016 元型性ローズ

■ 1


 薄葵うするぎ問目もんめはぼくの知人のなかでも特に異彩を放っている一人だ。本名は知らない。彼女はそこそこに著名な人形作家で、和服を着た球体関節人形の製作を生業としている。ぼくの部屋にある人形も彼女が手がけたもので、その名を瑪瑙めのうという。

 今回は瑪瑙の話ではない。(ちなみに瑪瑙は、柔らかい微笑みでぼくの方を漫然と眺めている――ように見える)

 そんな彼女――薄葵問目から封筒が届いた。開いてみると、中には手書きのメッセージカードと共に展覧会のチケットが入っていた。

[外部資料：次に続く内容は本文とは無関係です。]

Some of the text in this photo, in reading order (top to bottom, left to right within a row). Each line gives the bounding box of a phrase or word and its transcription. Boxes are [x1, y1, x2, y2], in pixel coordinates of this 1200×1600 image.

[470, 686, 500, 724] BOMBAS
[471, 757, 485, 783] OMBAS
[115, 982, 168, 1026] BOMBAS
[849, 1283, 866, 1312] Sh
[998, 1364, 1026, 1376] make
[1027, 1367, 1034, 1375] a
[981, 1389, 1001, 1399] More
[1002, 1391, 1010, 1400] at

 紅房べにぶさ桔梗ききょうという画家と共同で展覧会をやることになった。是非、君にも来てほしい。チケットは二枚同封しておくから、以前一緒にいた女の子でも誘うといい。


「…………」

 目眩がした。

 紅房桔梗という男も、ぼくの知っている人物だ。この文面だと、どうやら薄葵さんはぼくとあの男との関係までは把握していないらしい。

 幸運というべきか、不運というべきか。

 ともあれ、ぼくとしてはあの男が関わっているのなら顔を出さないわけにはいかない。

 紅房桔梗。彼は端的に言ってしまえば、不気味な画家だ。ことごとく周囲に不幸をばらまく性質を持っていて、彼を野放しにしておくことは、ぼくにはできそうにないと、そう思わせるくらいには邪悪な男。と、そこまで考えて――少しだけ、自分のことを意外に思った。以前のぼくなら、紅房桔梗の邪悪さをどうとも思わなかったかもしれない。ぼくは人が死ぬことを恐れている――きっと殆どの人は、人が死ぬことを恐れているけれど――けれどぼくは、紅房桔梗と関わったことで、ぼくのそれまでの想像よりずっと簡単に、人が死んでしまうことを。それは――些細な不幸の種を見過ごせなくなってしまうという変化に繋がった気がする。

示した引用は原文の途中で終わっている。